The film consists of four loosely-connected episodes, each a story of systemic injustice ending in personal tragedy. In the first, a man seethes at the corruption that sees the profits of recently denationalized industries flowing to an elite few, rather than for the public good; his efforts get him beaten up and ridiculed, so he takes other action. In the second, a compulsive traveler makes one of his periodic returns to his home village before setting off again; we ultimately learn how he makes his living. The third has a young woman, emotionally or physically mistreated by her lover, his wife, and by clients at the all-night sauna where she works, eventually forcing her to defend herself. The young man in the final, quietest story drifts through a series of jobs until the cumulative mistreatment and compromise forces him too into a bleak response.

Overwhelming pessimism

Summed up in that way, the film may sound like a grind, but in Jia’s hands, it’s constantly visually ravishing, filled with remarkable compositions, often contrasting the country’s imposing physical presence with the faltering human attempts to master it, or alighting on small moments of beauty and mystery. It doesn’t feel hopeless necessarily – not as long as the basic everyday social fabric perseveres. But it’s also aware that the non-elite subsists on little more than relative scraps from the table. This is Jia again: “There’s suddenly an overwhelming sense of pessimism towards the current Chinese situation. In my past films, I’ve portrayed the various changes pertinent in Chinese society, but within this process of change there was always a notion that with these changes, life could bring upon itself certain resolutions to its problems. But now we see resources are being more and more held by a smaller margin of people and there’s less and less movement for progress for everyone else.”
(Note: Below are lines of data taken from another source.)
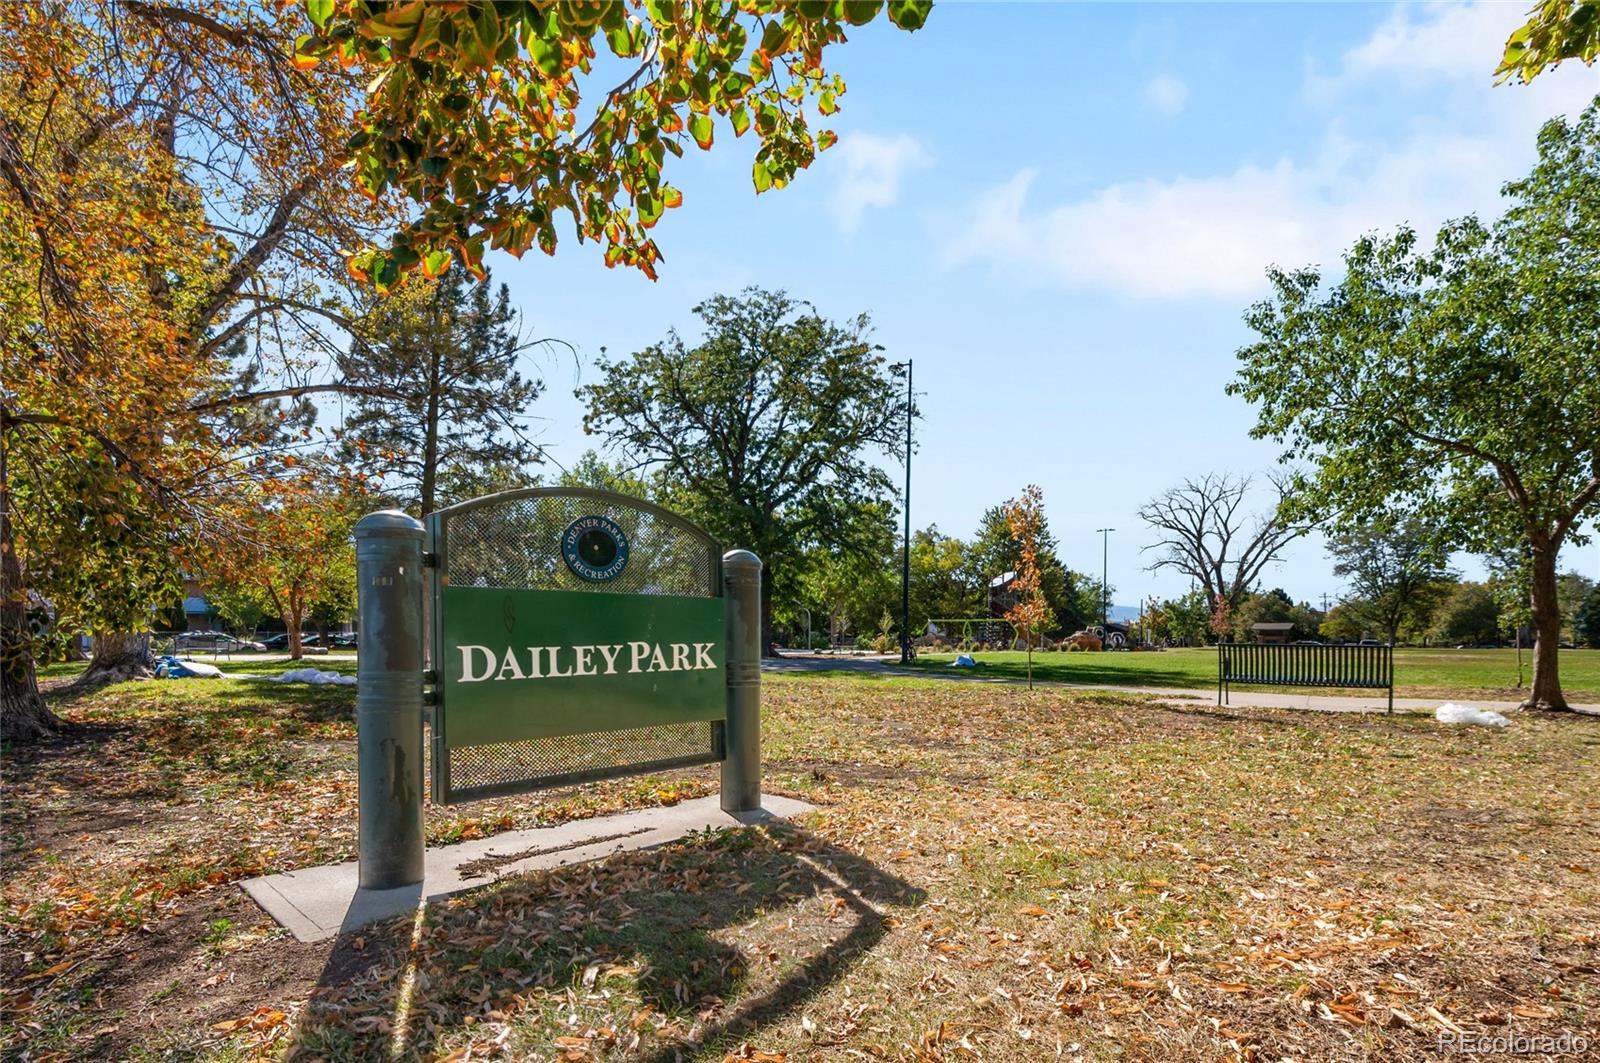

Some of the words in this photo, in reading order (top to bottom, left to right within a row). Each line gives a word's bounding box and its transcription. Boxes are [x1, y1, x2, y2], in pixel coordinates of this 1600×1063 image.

[567, 519, 599, 544] DENVER
[601, 520, 626, 547] PARKS
[568, 553, 576, 562] &
[573, 556, 625, 579] RECREATION
[456, 644, 624, 683] DAILEY
[627, 641, 718, 673] PARK
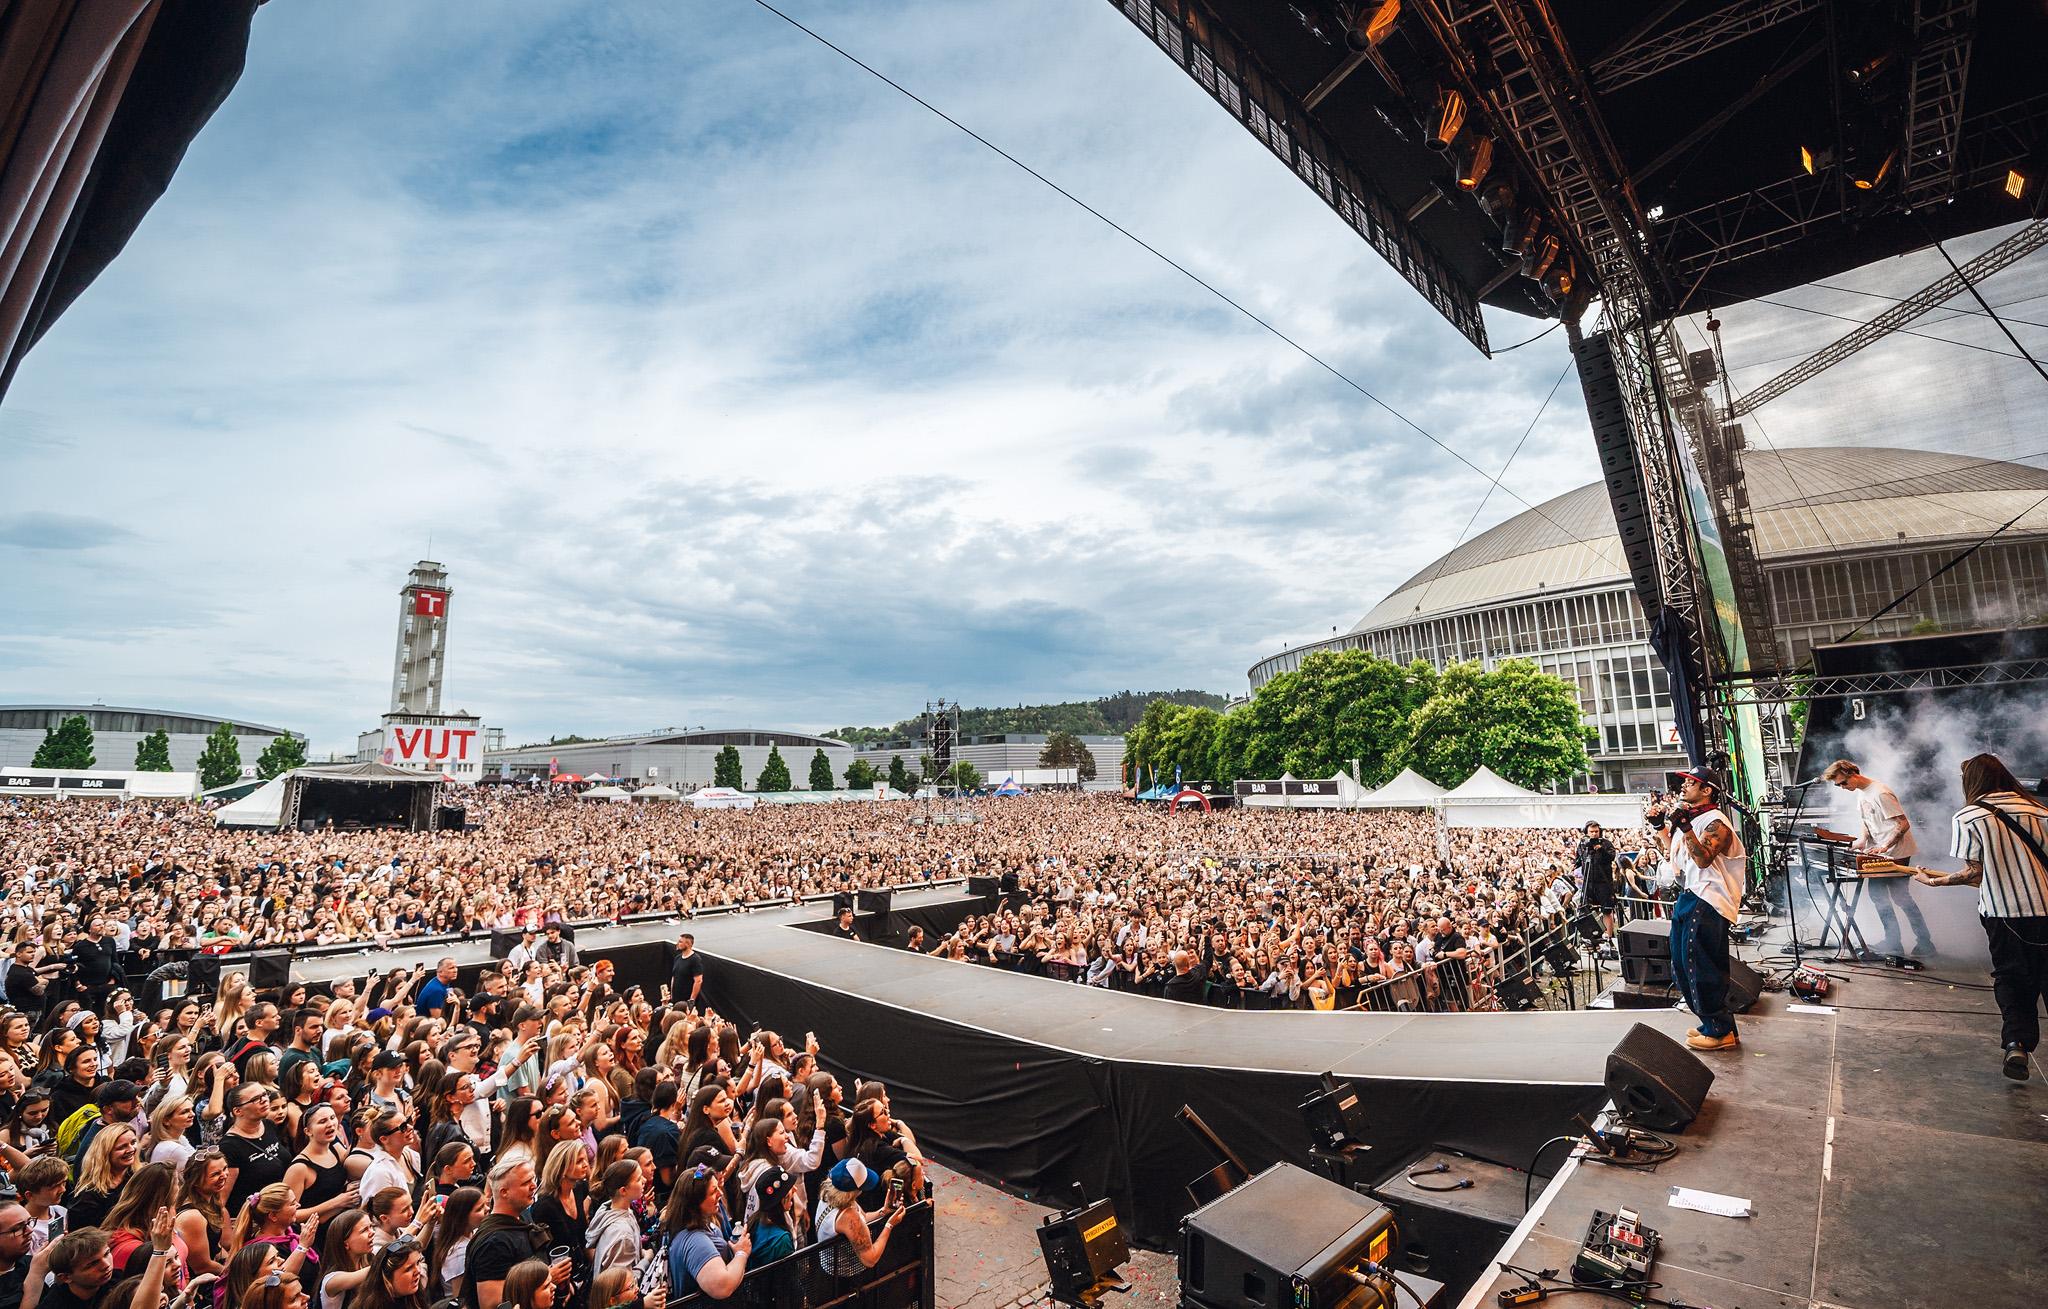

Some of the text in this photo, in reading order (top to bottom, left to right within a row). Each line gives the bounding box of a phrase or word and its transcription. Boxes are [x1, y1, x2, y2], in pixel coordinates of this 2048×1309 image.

[421, 593, 441, 612] T
[1669, 728, 1679, 741] Z
[395, 728, 476, 760] VUT
[8, 778, 31, 786] BAR
[82, 780, 103, 788] BAR
[1201, 784, 1212, 792] glo
[1251, 783, 1267, 793] BAR
[1302, 783, 1320, 793] BAR
[878, 789, 884, 799] Z
This pessimism confers a certain nobility on the quotidian interactions of those people excluded from the elite. People still worry about not “losing face” in the eyes of others; the most likely way to get from A to B may be simply to wave at a passing truck and hop into the back; for every area of modernization, there’s another that hasn’t changed for decades. But these social rituals becomes as circumscribed as the travels of caged birds. In the second story, the protagonist’s older brother, taking seriously his familial responsibilities, sets out a full accounting of the net proceeds from their mother’s recent birthday celebration, and its division between the family members (right down to the left-over cigarettes). We already know however that the amounts involved are dwarfed by what’s been generated from the wanderer’s illegitimate activities: virtue doesn’t stand a chance, any more so than (in one of the loveliest scenes) a young prostitute’s attempt to rebalance her moral ledger through the Buddhist practice of releasing captive fish back into the water.

The World

Jia’s comments about his growing pessimism seem to be rooted in clear-eyed realism. His strongest work prior to this, the 2004 film The World, was also often melancholy, and was particularly attuned toward the forces driving women toward merely superficial advancement, ornamentation or even prostitution. But compared to A Touch of Sin, it contained much deeper veins of humour, even using occasional cartoon inserts that through their peppy excess underlined the characters’ inertia (and, as a secondary theme, the mixed blessing of their reliance on cellphones, which isn’t a major factor in the new work). His personal journey in that ten-year gap, seemingly disinclined even to passingly enjoy the trivial offsets of our progress, tracks the calcifying of expectations about what the modern Chinese revolution might realistically achieve.

It’s uncannily mirrored in the West, for instance in how the recovery from the economic problems in 2008 belongs almost entirely to the super-rich (who, nevertheless, persist in portraying themselves as hamstrung by the ills of government regulation, taxes and so on); it sometimes seems like a miracle that this hasn’t unleashed greater physical anger and attempted redress. This makes A Touch of Sin doubly remarkable, as a film that’s both gloriously specific about its own environment, and disturbingly productive as a springboard to contemplating our own.